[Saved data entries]
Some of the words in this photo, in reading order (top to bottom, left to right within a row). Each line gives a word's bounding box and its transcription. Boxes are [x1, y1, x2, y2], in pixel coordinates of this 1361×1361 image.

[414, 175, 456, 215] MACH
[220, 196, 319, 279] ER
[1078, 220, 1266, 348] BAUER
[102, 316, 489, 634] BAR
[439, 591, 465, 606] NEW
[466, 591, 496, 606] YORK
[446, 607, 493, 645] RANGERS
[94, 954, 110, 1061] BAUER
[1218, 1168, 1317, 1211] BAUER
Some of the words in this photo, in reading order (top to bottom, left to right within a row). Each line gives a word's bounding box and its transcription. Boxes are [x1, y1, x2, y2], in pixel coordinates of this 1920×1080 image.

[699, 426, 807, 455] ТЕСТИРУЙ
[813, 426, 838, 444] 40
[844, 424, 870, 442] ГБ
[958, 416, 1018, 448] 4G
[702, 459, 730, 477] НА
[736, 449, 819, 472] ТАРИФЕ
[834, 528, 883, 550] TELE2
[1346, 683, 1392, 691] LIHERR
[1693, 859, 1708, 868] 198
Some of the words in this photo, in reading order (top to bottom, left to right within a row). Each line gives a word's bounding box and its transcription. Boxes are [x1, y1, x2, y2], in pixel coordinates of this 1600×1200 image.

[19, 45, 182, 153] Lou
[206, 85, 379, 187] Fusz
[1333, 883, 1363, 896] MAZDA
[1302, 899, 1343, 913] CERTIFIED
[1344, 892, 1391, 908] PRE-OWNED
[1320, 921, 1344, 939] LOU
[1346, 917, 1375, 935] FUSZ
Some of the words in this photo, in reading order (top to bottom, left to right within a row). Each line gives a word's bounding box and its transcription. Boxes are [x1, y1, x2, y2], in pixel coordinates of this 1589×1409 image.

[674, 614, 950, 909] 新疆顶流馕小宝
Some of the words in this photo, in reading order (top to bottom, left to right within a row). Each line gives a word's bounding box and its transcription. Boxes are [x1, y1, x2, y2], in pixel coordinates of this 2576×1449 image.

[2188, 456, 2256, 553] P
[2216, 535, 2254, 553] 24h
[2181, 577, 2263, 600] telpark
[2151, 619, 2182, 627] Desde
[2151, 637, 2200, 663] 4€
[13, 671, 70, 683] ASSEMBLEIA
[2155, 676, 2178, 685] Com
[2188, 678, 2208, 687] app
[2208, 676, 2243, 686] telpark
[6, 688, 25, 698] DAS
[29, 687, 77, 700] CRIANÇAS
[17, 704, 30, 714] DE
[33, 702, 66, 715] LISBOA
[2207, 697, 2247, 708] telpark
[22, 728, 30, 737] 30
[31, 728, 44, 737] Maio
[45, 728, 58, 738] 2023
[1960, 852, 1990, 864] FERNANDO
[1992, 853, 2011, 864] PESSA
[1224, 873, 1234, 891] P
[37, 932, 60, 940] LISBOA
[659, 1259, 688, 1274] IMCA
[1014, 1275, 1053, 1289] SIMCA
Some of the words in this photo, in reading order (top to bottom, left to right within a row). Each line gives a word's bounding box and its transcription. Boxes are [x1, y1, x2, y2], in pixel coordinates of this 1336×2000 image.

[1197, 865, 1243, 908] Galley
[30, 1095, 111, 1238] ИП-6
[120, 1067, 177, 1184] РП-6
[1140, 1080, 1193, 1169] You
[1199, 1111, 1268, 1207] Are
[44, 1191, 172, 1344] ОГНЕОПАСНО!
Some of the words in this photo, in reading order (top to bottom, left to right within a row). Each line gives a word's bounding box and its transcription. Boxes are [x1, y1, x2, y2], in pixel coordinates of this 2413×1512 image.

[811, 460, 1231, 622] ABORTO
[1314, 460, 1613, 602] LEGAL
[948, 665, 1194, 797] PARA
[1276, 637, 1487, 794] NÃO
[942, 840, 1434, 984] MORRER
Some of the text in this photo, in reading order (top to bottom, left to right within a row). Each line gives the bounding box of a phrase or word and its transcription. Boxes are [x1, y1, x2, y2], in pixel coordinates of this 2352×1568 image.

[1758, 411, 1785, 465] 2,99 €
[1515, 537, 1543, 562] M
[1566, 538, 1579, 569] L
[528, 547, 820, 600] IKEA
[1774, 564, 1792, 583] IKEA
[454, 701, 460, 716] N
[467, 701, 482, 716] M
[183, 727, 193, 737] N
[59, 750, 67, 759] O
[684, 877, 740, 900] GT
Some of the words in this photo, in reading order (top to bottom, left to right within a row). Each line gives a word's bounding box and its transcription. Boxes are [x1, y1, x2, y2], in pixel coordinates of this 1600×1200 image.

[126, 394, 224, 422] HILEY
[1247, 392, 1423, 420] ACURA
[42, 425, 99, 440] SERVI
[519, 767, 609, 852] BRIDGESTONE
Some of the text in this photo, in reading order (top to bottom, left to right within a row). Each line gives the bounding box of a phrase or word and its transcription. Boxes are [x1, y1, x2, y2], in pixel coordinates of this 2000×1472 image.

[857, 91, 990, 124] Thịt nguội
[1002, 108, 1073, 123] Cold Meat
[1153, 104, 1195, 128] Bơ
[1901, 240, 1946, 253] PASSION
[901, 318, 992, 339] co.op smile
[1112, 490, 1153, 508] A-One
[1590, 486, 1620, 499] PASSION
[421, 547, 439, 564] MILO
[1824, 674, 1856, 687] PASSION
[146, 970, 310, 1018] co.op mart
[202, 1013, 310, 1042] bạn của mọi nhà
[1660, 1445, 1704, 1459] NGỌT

- **ABOUT THIS TASK**:
Print out the complete data above, character for character.

- **WRITTEN SOLUTION**:
Some of the words in this photo, in reading order (top to bottom, left to right within a row). Each line gives a word's bounding box and its transcription. Boxes are [x1, y1, x2, y2], in pixel coordinates of this 1361×1361 image.

[414, 175, 456, 215] MACH
[220, 196, 319, 279] ER
[1078, 220, 1266, 348] BAUER
[102, 316, 489, 634] BAR
[439, 591, 465, 606] NEW
[466, 591, 496, 606] YORK
[446, 607, 493, 645] RANGERS
[94, 954, 110, 1061] BAUER
[1218, 1168, 1317, 1211] BAUER
Some of the words in this photo, in reading order (top to bottom, left to right within a row). Each line gives a word's bounding box and its transcription. Boxes are [x1, y1, x2, y2], in pixel coordinates of this 1920×1080 image.

[699, 426, 807, 455] ТЕСТИРУЙ
[813, 426, 838, 444] 40
[844, 424, 870, 442] ГБ
[958, 416, 1018, 448] 4G
[702, 459, 730, 477] НА
[736, 449, 819, 472] ТАРИФЕ
[834, 528, 883, 550] TELE2
[1346, 683, 1392, 691] LIHERR
[1693, 859, 1708, 868] 198
Some of the words in this photo, in reading order (top to bottom, left to right within a row). Each line gives a word's bounding box and its transcription. Boxes are [x1, y1, x2, y2], in pixel coordinates of this 1600×1200 image.

[19, 45, 182, 153] Lou
[206, 85, 379, 187] Fusz
[1333, 883, 1363, 896] MAZDA
[1302, 899, 1343, 913] CERTIFIED
[1344, 892, 1391, 908] PRE-OWNED
[1320, 921, 1344, 939] LOU
[1346, 917, 1375, 935] FUSZ
Some of the words in this photo, in reading order (top to bottom, left to right within a row). Each line gives a word's bounding box and its transcription. Boxes are [x1, y1, x2, y2], in pixel coordinates of this 1589×1409 image.

[674, 614, 950, 909] 新疆顶流馕小宝
Some of the words in this photo, in reading order (top to bottom, left to right within a row). Each line gives a word's bounding box and its transcription. Boxes are [x1, y1, x2, y2], in pixel coordinates of this 2576×1449 image.

[2188, 456, 2256, 553] P
[2216, 535, 2254, 553] 24h
[2181, 577, 2263, 600] telpark
[2151, 619, 2182, 627] Desde
[2151, 637, 2200, 663] 4€
[13, 671, 70, 683] ASSEMBLEIA
[2155, 676, 2178, 685] Com
[2188, 678, 2208, 687] app
[2208, 676, 2243, 686] telpark
[6, 688, 25, 698] DAS
[29, 687, 77, 700] CRIANÇAS
[17, 704, 30, 714] DE
[33, 702, 66, 715] LISBOA
[2207, 697, 2247, 708] telpark
[22, 728, 30, 737] 30
[31, 728, 44, 737] Maio
[45, 728, 58, 738] 2023
[1960, 852, 1990, 864] FERNANDO
[1992, 853, 2011, 864] PESSA
[1224, 873, 1234, 891] P
[37, 932, 60, 940] LISBOA
[659, 1259, 688, 1274] IMCA
[1014, 1275, 1053, 1289] SIMCA
Some of the words in this photo, in reading order (top to bottom, left to right within a row). Each line gives a word's bounding box and its transcription. Boxes are [x1, y1, x2, y2], in pixel coordinates of this 1336×2000 image.

[1197, 865, 1243, 908] Galley
[30, 1095, 111, 1238] ИП-6
[120, 1067, 177, 1184] РП-6
[1140, 1080, 1193, 1169] You
[1199, 1111, 1268, 1207] Are
[44, 1191, 172, 1344] ОГНЕОПАСНО!
Some of the words in this photo, in reading order (top to bottom, left to right within a row). Each line gives a word's bounding box and its transcription. Boxes are [x1, y1, x2, y2], in pixel coordinates of this 2413×1512 image.

[811, 460, 1231, 622] ABORTO
[1314, 460, 1613, 602] LEGAL
[948, 665, 1194, 797] PARA
[1276, 637, 1487, 794] NÃO
[942, 840, 1434, 984] MORRER
Some of the text in this photo, in reading order (top to bottom, left to right within a row). Each line gives the bounding box of a phrase or word and its transcription. Boxes are [x1, y1, x2, y2], in pixel coordinates of this 2352×1568 image.

[1758, 411, 1785, 465] 2,99 €
[1515, 537, 1543, 562] M
[1566, 538, 1579, 569] L
[528, 547, 820, 600] IKEA
[1774, 564, 1792, 583] IKEA
[454, 701, 460, 716] N
[467, 701, 482, 716] M
[183, 727, 193, 737] N
[59, 750, 67, 759] O
[684, 877, 740, 900] GT
Some of the words in this photo, in reading order (top to bottom, left to right within a row). Each line gives a word's bounding box and its transcription. Boxes are [x1, y1, x2, y2], in pixel coordinates of this 1600×1200 image.

[126, 394, 224, 422] HILEY
[1247, 392, 1423, 420] ACURA
[42, 425, 99, 440] SERVI
[519, 767, 609, 852] BRIDGESTONE
Some of the text in this photo, in reading order (top to bottom, left to right within a row). Each line gives the bounding box of a phrase or word and its transcription. Boxes are [x1, y1, x2, y2], in pixel coordinates of this 2000×1472 image.

[857, 91, 990, 124] Thịt nguội
[1002, 108, 1073, 123] Cold Meat
[1153, 104, 1195, 128] Bơ
[1901, 240, 1946, 253] PASSION
[901, 318, 992, 339] co.op smile
[1112, 490, 1153, 508] A-One
[1590, 486, 1620, 499] PASSION
[421, 547, 439, 564] MILO
[1824, 674, 1856, 687] PASSION
[146, 970, 310, 1018] co.op mart
[202, 1013, 310, 1042] bạn của mọi nhà
[1660, 1445, 1704, 1459] NGỌT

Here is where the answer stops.